===== Available data =====

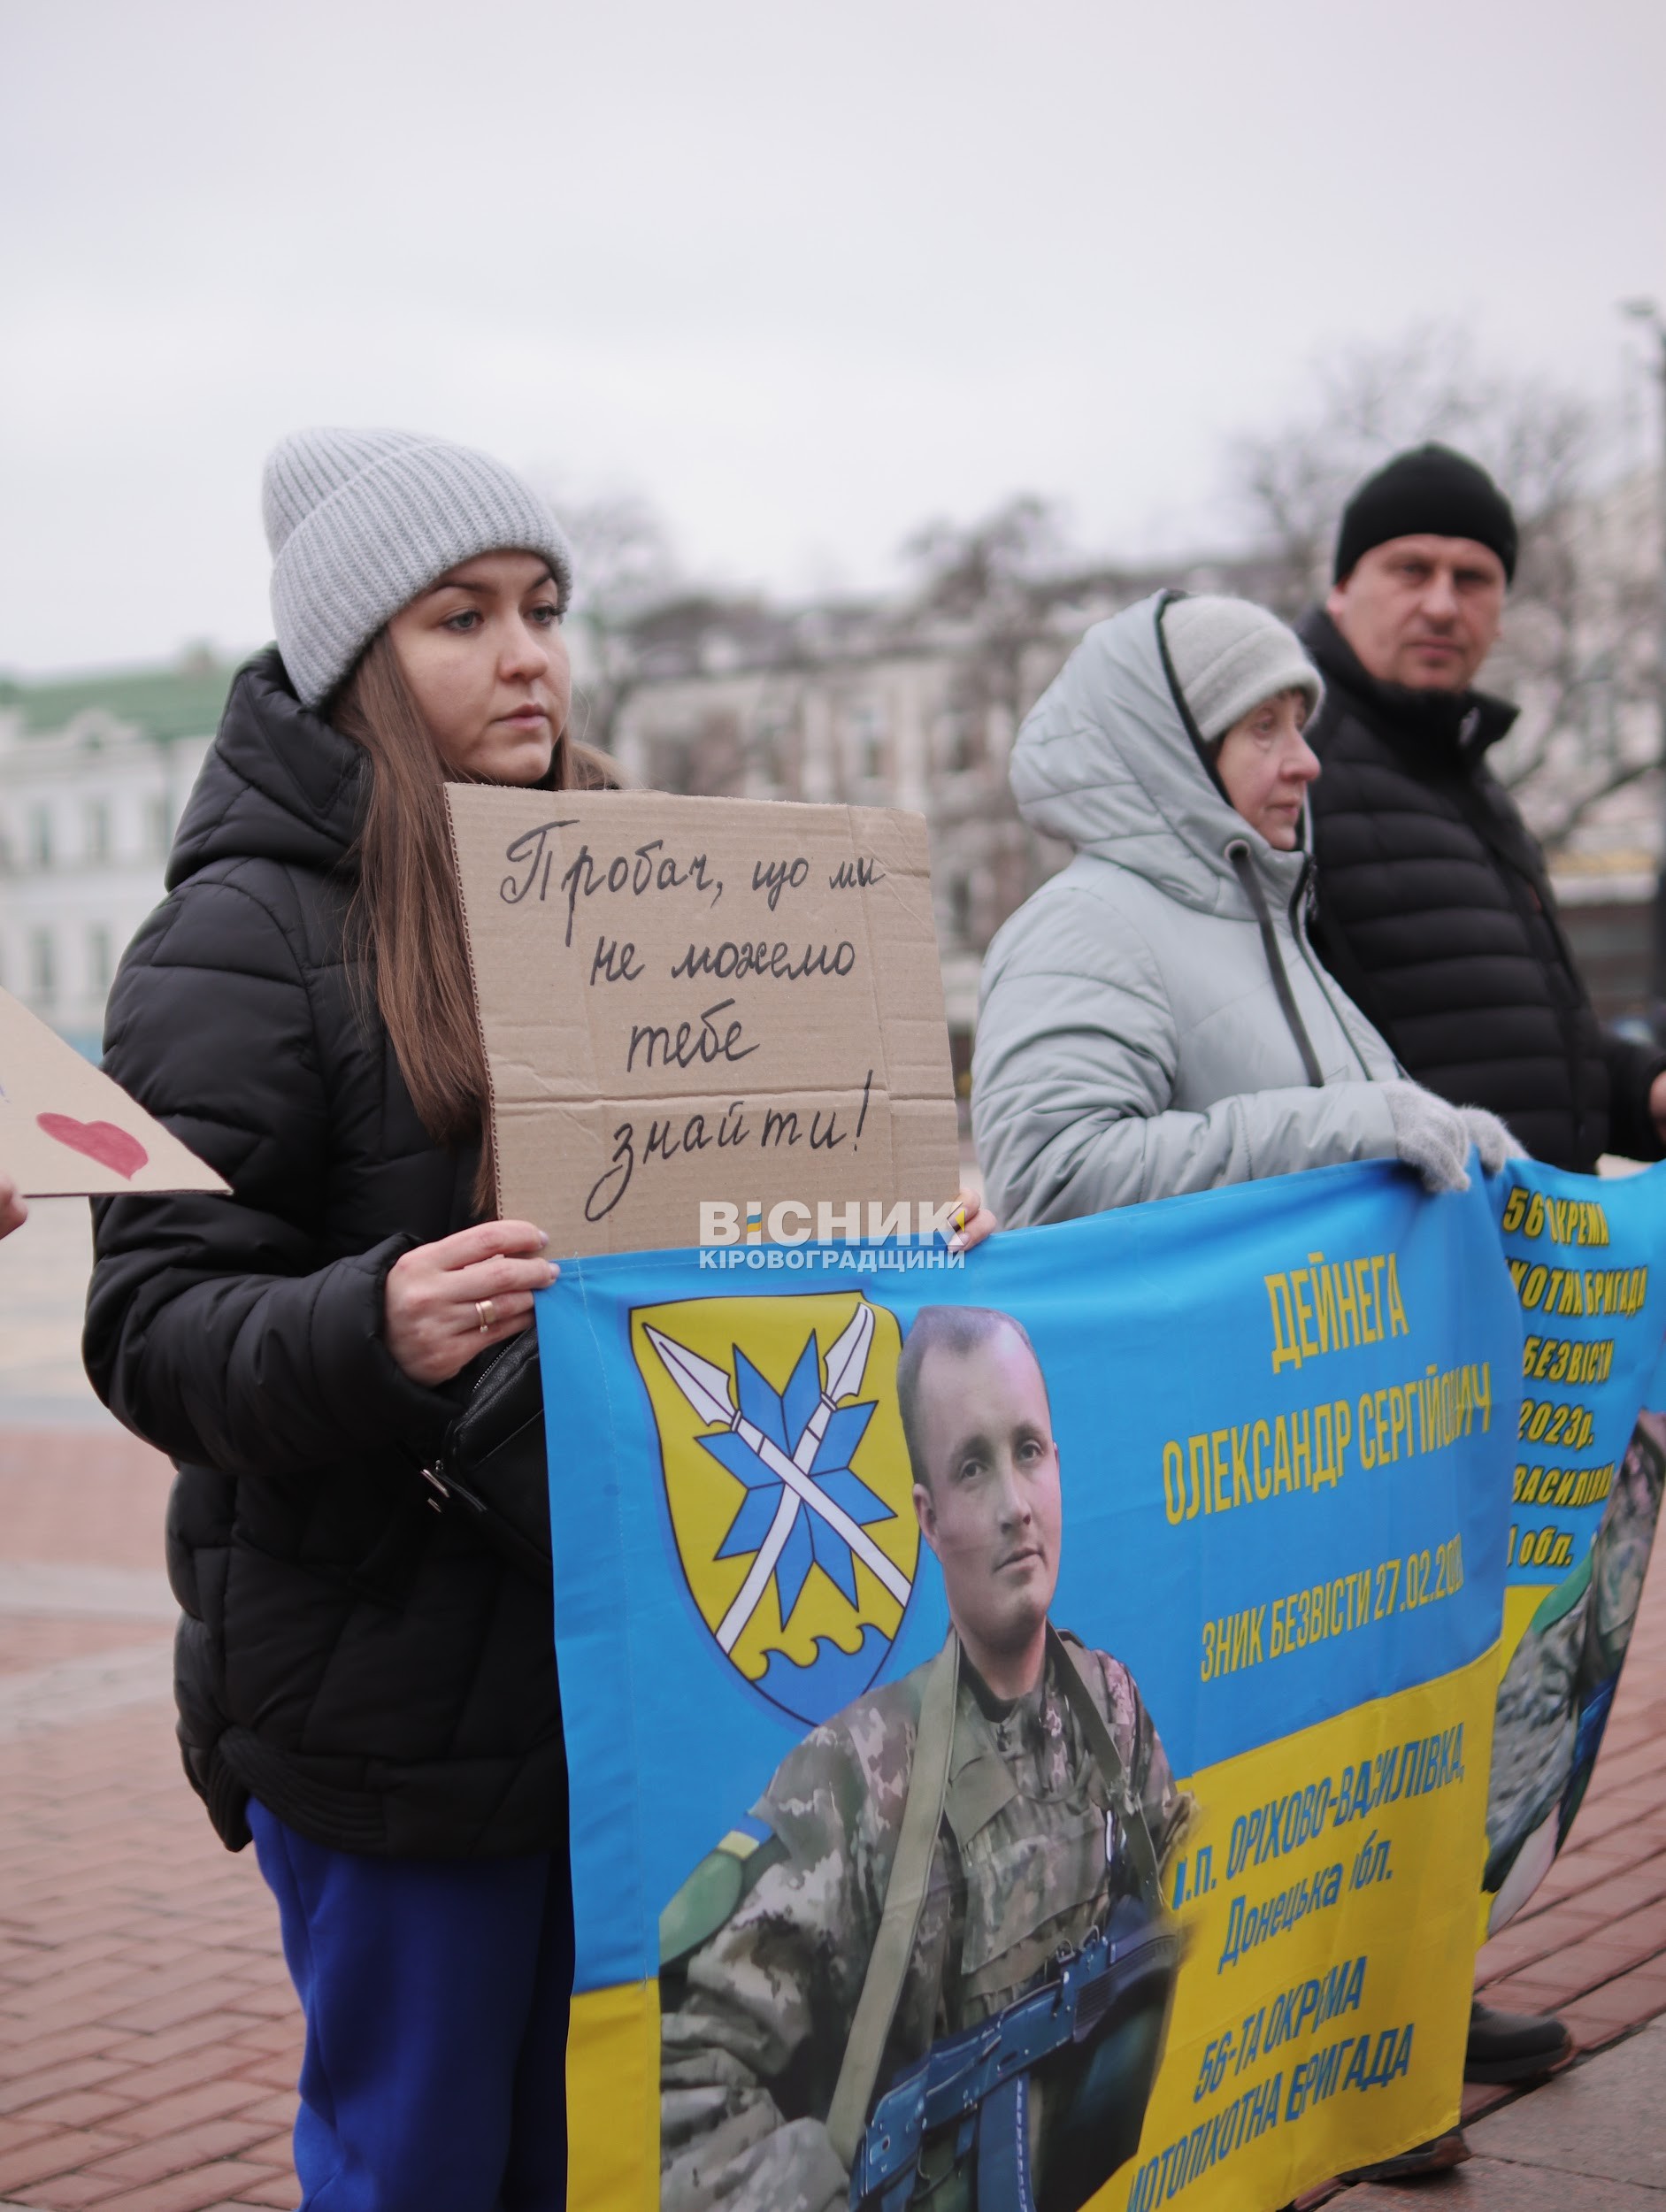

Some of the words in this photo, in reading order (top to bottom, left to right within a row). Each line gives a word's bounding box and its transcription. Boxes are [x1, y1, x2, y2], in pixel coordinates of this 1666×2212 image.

[500, 818, 725, 947] Пробач,
[751, 856, 808, 911] що
[829, 856, 886, 891] ми
[589, 934, 645, 987] не
[671, 940, 856, 980] можемо
[626, 997, 761, 1072] тебе
[584, 1069, 874, 1222] знайти!
[1502, 1185, 1546, 1239] 56
[1263, 1251, 1410, 1374] ДЕЙНЕГА
[1505, 1256, 1583, 1316] ХОТНА
[1162, 1398, 1353, 1526] ОЛЕКСАНДР
[1518, 1398, 1595, 1453] 2023р.
[1201, 1603, 1267, 1683] ЗНИК
[1269, 1568, 1372, 1660] БЕЗВІСТИ
[1374, 1531, 1464, 1621] 27.02.20
[1217, 1863, 1344, 1975] Донецька
[1194, 2006, 1266, 2103] 56-ТА
[1263, 1955, 1368, 2055] ОКРМА
[1284, 2023, 1415, 2124] БРИГАДА
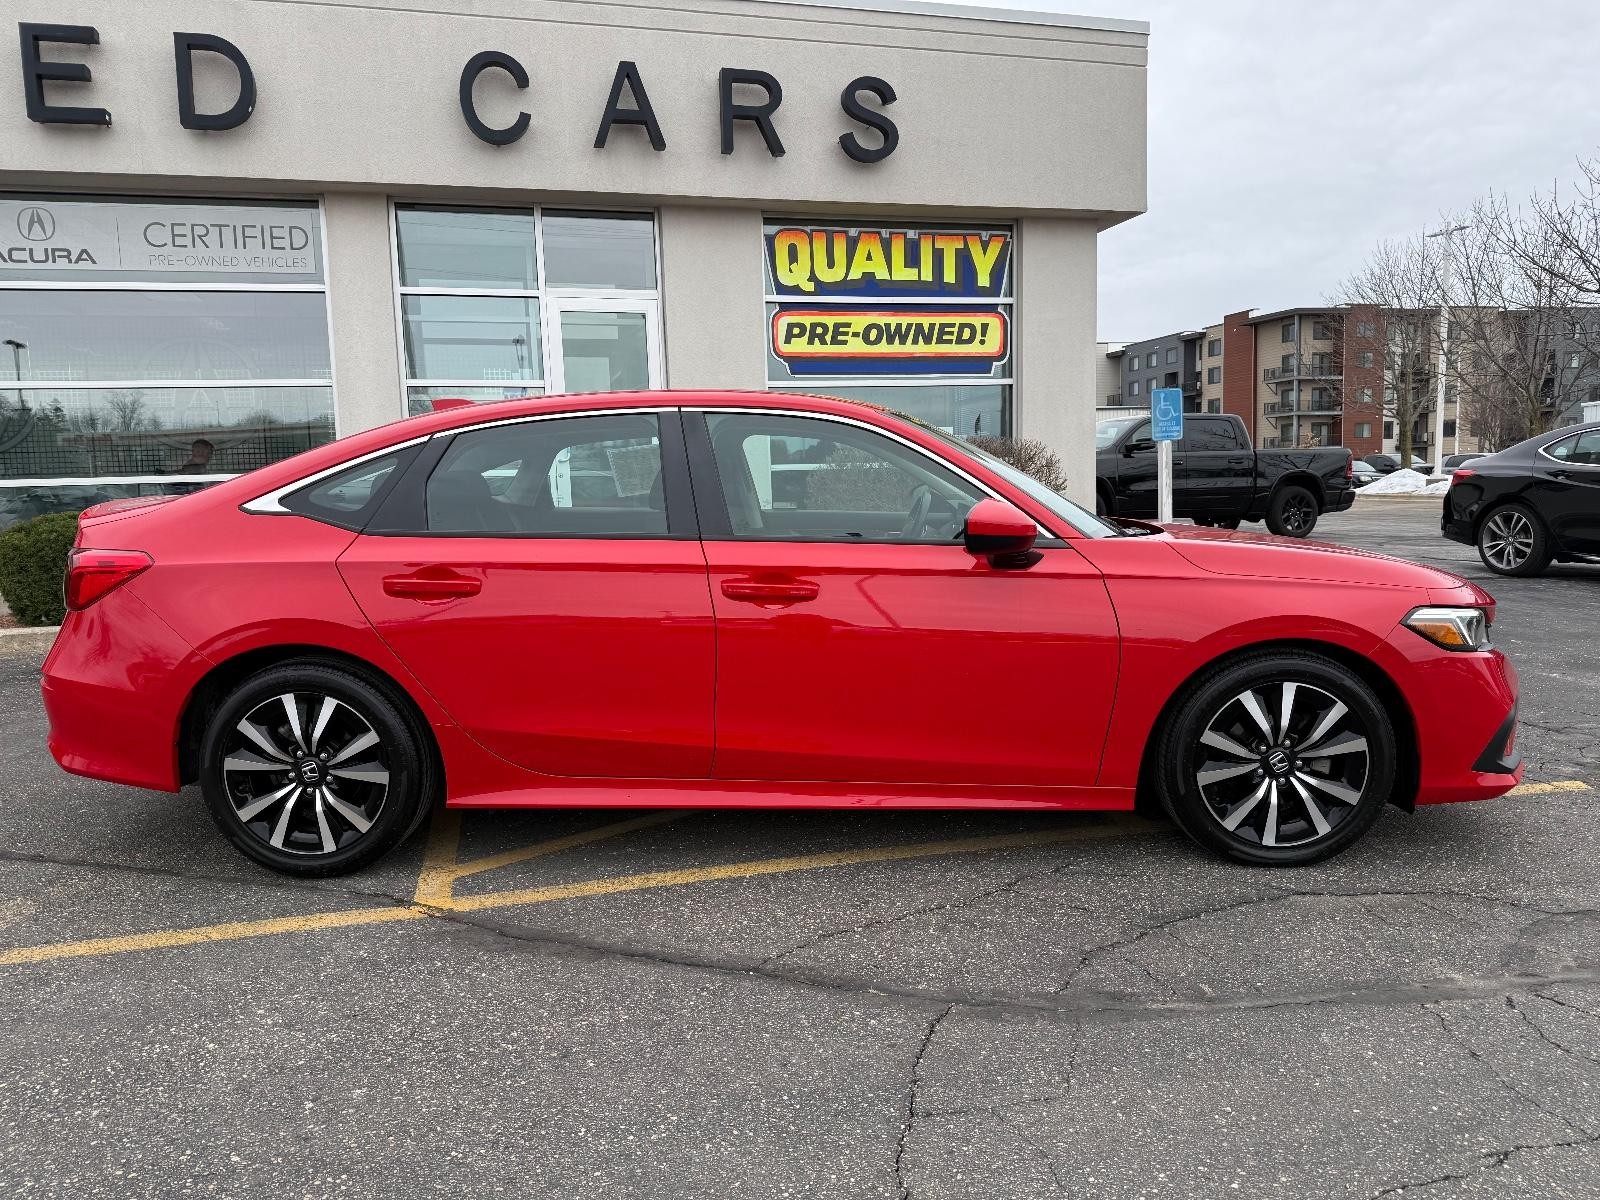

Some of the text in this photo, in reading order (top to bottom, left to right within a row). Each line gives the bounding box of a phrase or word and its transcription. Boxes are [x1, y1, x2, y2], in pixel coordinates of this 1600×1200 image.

[19, 22, 900, 163] ED CARS
[143, 221, 309, 250] CERTIFIED
[149, 254, 308, 268] PRE-OWNED VEHICLES
[774, 229, 1005, 292] QUALITY
[784, 321, 990, 346] PRE-OWNED!
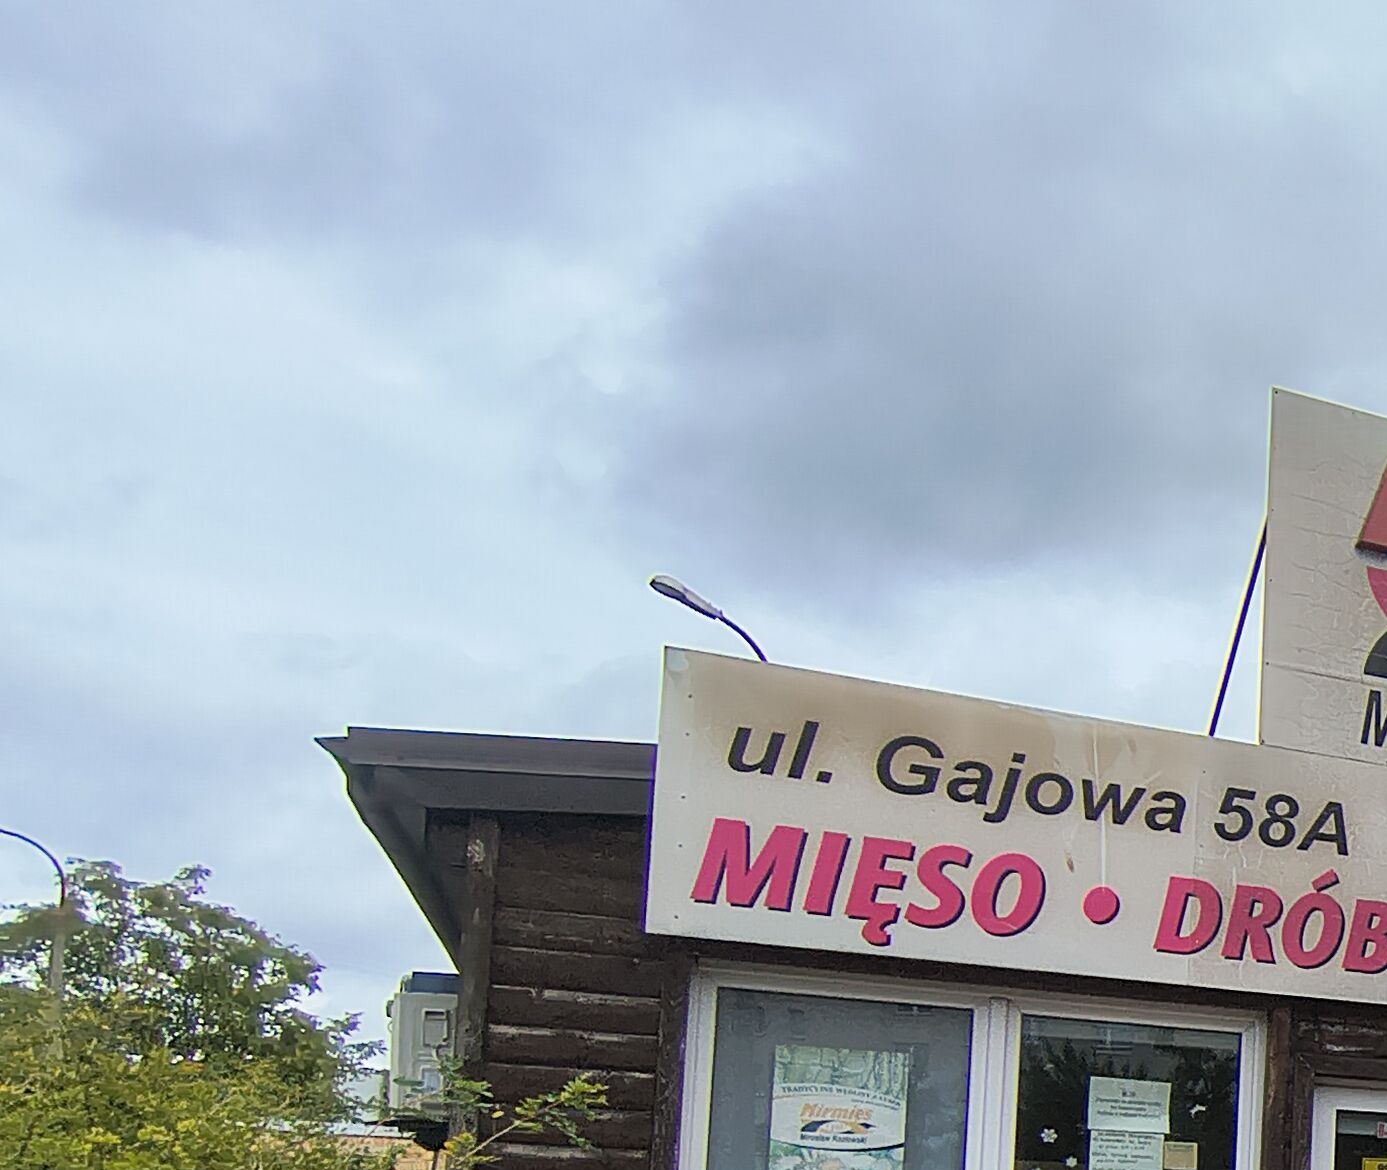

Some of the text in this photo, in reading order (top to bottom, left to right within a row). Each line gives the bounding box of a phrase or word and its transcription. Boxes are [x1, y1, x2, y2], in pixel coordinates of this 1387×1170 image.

[726, 720, 1350, 856] ul. Gajowa 58A
[690, 817, 1047, 947] MIĘSO

=====

• Problem statement:
When you copy the data above, keep each line exact and omit the pictures.

• Response to the task:
Some of the words in this photo, in reading order (top to bottom, left to right within a row). Each line gives a word's bounding box and its transcription. Boxes are [x1, y1, x2, y2], in pixel coordinates of this 1666×2212 image.

[500, 818, 725, 947] Пробач,
[751, 856, 808, 911] що
[829, 856, 886, 891] ми
[589, 934, 645, 987] не
[671, 940, 856, 980] можемо
[626, 997, 761, 1072] тебе
[584, 1069, 874, 1222] знайти!
[1502, 1185, 1546, 1239] 56
[1263, 1251, 1410, 1374] ДЕЙНЕГА
[1505, 1256, 1583, 1316] ХОТНА
[1162, 1398, 1353, 1526] ОЛЕКСАНДР
[1518, 1398, 1595, 1453] 2023р.
[1201, 1603, 1267, 1683] ЗНИК
[1269, 1568, 1372, 1660] БЕЗВІСТИ
[1374, 1531, 1464, 1621] 27.02.20
[1217, 1863, 1344, 1975] Донецька
[1194, 2006, 1266, 2103] 56-ТА
[1263, 1955, 1368, 2055] ОКРМА
[1284, 2023, 1415, 2124] БРИГАДА

Some of the text in this photo, in reading order (top to bottom, left to right within a row). Each line gives the bounding box of a phrase or word and its transcription. Boxes are [x1, y1, x2, y2], in pixel coordinates of this 1600×1200 image.

[19, 22, 900, 163] ED CARS
[143, 221, 309, 250] CERTIFIED
[149, 254, 308, 268] PRE-OWNED VEHICLES
[774, 229, 1005, 292] QUALITY
[784, 321, 990, 346] PRE-OWNED!

Some of the text in this photo, in reading order (top to bottom, left to right within a row). Each line gives the bounding box of a phrase or word and its transcription. Boxes are [x1, y1, x2, y2], in pixel coordinates of this 1387×1170 image.

[726, 720, 1350, 856] ul. Gajowa 58A
[690, 817, 1047, 947] MIĘSO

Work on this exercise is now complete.